On November 13, 1978, the Mercantile Bank of Farmington was robbed. The robber fled in a stolen automobile which was later abandoned four or five miles from the bank. Three days later, Matthews was questioned at his residence about his activities before and after the time of the robbery. He was then arrested and searched. *50His house and automobiles were also searched.

Matthews argues, initially, that the trial court erred in giving its aiding and abetting instruction. He contends that the instruction created an “impermissible risk” that the jury did not find that every element of the offense had been proved beyond a reasonable doubt. The trial court gave the following instruction which is taken substantially verbatim from 1 E. DEVITT and C. BLACKMAR, FEDERAL JURY PRACTICE AND INSTRUCTIONS § 12.01 (3d ed. 1977):1

The guilt of a defendant may be established without proof that the accused personally did every act constituting the offense charged.
Whoever commits an offense against the United States, or aids, abets, counsels, commands, induces or procures its commission, is punishable as a principal.
Whoever willfully causes an act to be done, which if directly performed by him or another would be an offense against the United States, is punishable as a principal.
In other words, every person who willfully participates in the commission of a crime may be found to be guilty of that offense.

This Court has previously considered and rejected similar claims.
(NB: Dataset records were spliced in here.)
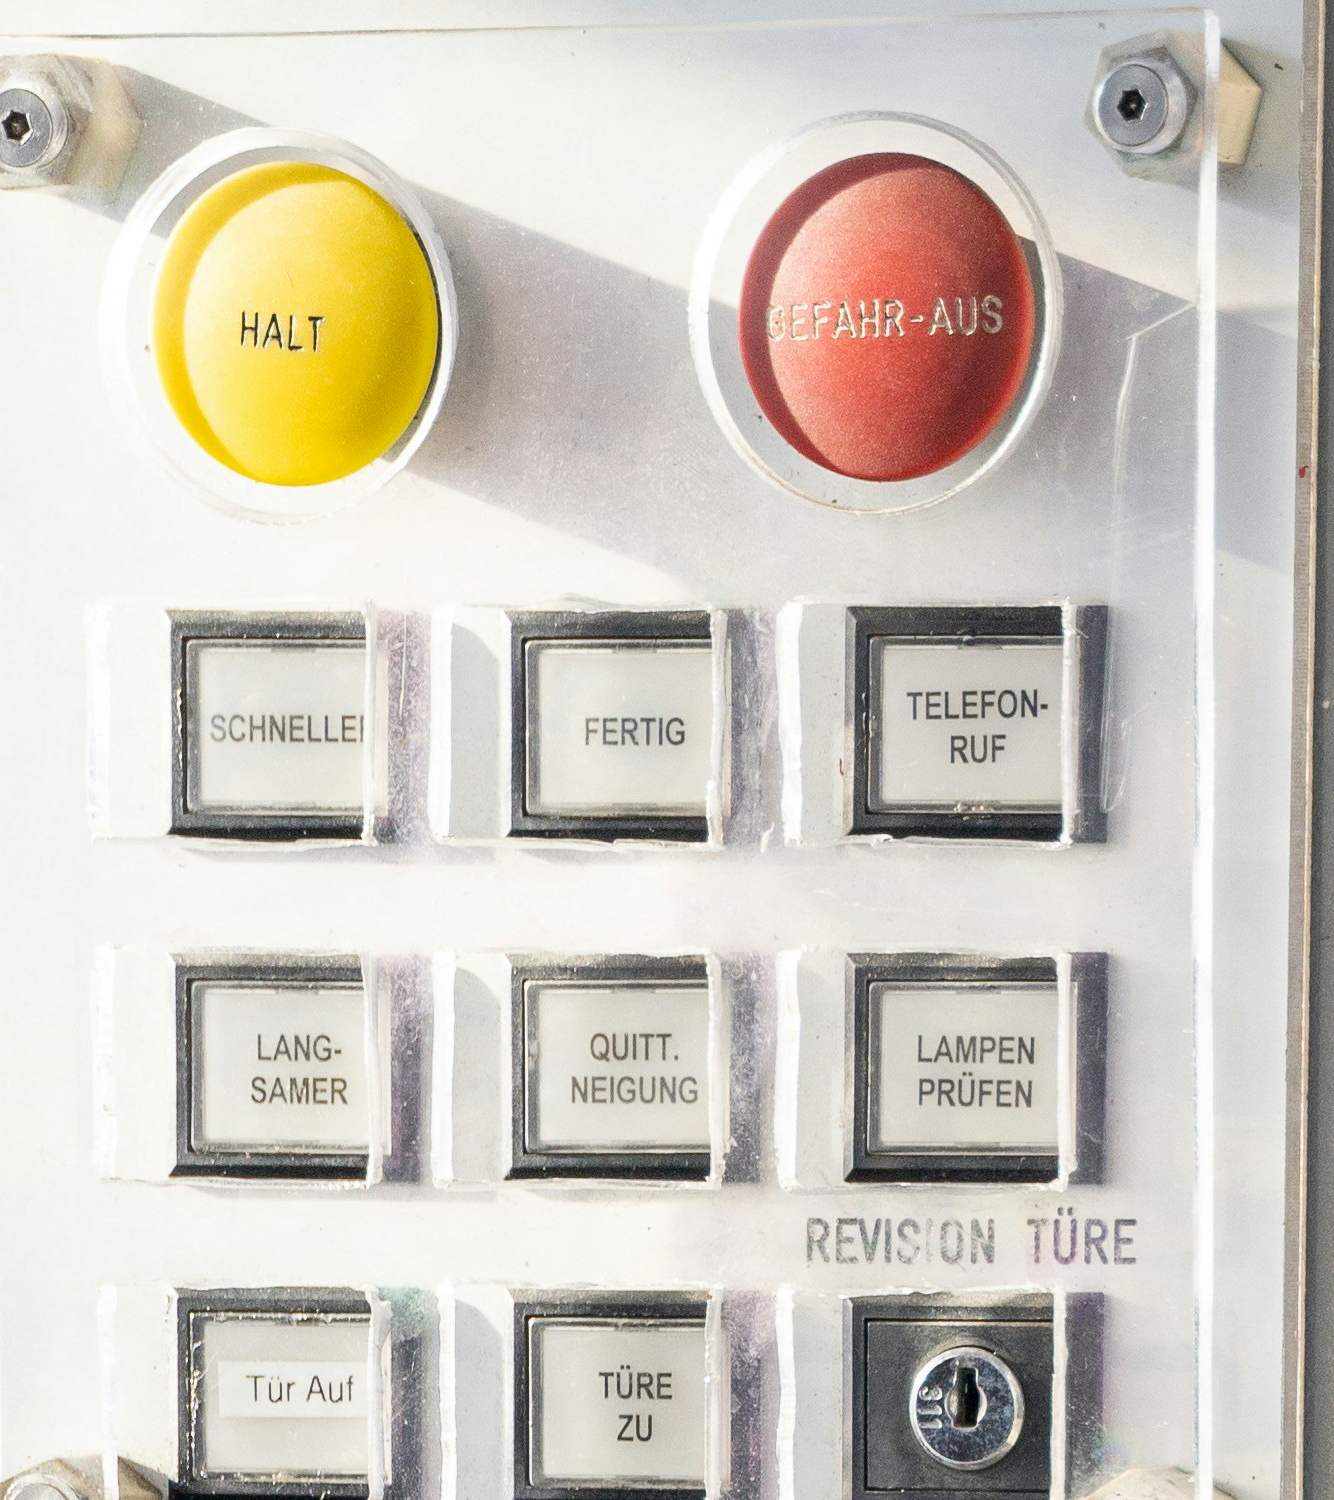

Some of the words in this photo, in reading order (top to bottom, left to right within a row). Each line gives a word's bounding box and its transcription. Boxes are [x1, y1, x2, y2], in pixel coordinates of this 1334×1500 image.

[239, 310, 325, 354] HALT
[767, 295, 1004, 341] GEFAHR-AUS
[905, 688, 1050, 721] TELEFON-
[584, 716, 687, 747] FERTIG
[949, 733, 1008, 765] RUF
[256, 1033, 343, 1063] LANG-
[589, 1032, 680, 1064] QUITT.
[916, 1033, 1036, 1066] LAMPEN
[250, 1075, 349, 1106] SAMER
[570, 1074, 699, 1105] NEIGUNG
[917, 1073, 1034, 1109] PRÜFEN
[805, 1215, 997, 1268] REVISION
[1027, 1210, 1139, 1266] TÜRE
[244, 1373, 298, 1405] Tür
[305, 1374, 354, 1404] Auf
[597, 1364, 674, 1401] TÜRE
[616, 1413, 654, 1443] ZU
See Sewell v. United States, 406 F.2d 1289, 1293 (8th Cir. 1969). Moreover, when reviewing instructions, we must examine them in their entirety. See, e. g., United States v. Rotchford, 575 F.2d 166, 174 (8th Cir. 1978); United States v. Kershman, 555 F.2d 198, 201 (8th Cir.), cert. denied, 434 U.S. 892, 98 S.Ct. 268, 54 L.Ed.2d 178 (1977); United States v. DeCoteau, 516 F.2d 16, 17 (8th Cir. 1975). The instruction immediately preceding the aiding and abetting instruction states:

The essential elements which are required to be proved in order to establish the offense charged in the indictment are as follows:
First: The act or acts of taking from the person or presence of another any property, money, or any other thing of value belonging to or in the care, custody, control, management or possession of a bank, as charged;
Second: The act or acts of taking such property, money or thing of value was by force, violence, or by means of intimidation;
Third: The act or acts of assaulting, or of putting in jeopardy the life of any person by the use of a dangerous weapon or device, while stealing property, money, or other thing of value from the bank, as charged;
Fourth : The doing of such act or acts willfully; and
Fifth: That the deposits of the Mercantile Bank of Farmington, Leadington Facility, Leadington, Missouri, were insured by the Federal Deposit Insurance Corporation at the time of the offense alleged in the indictment.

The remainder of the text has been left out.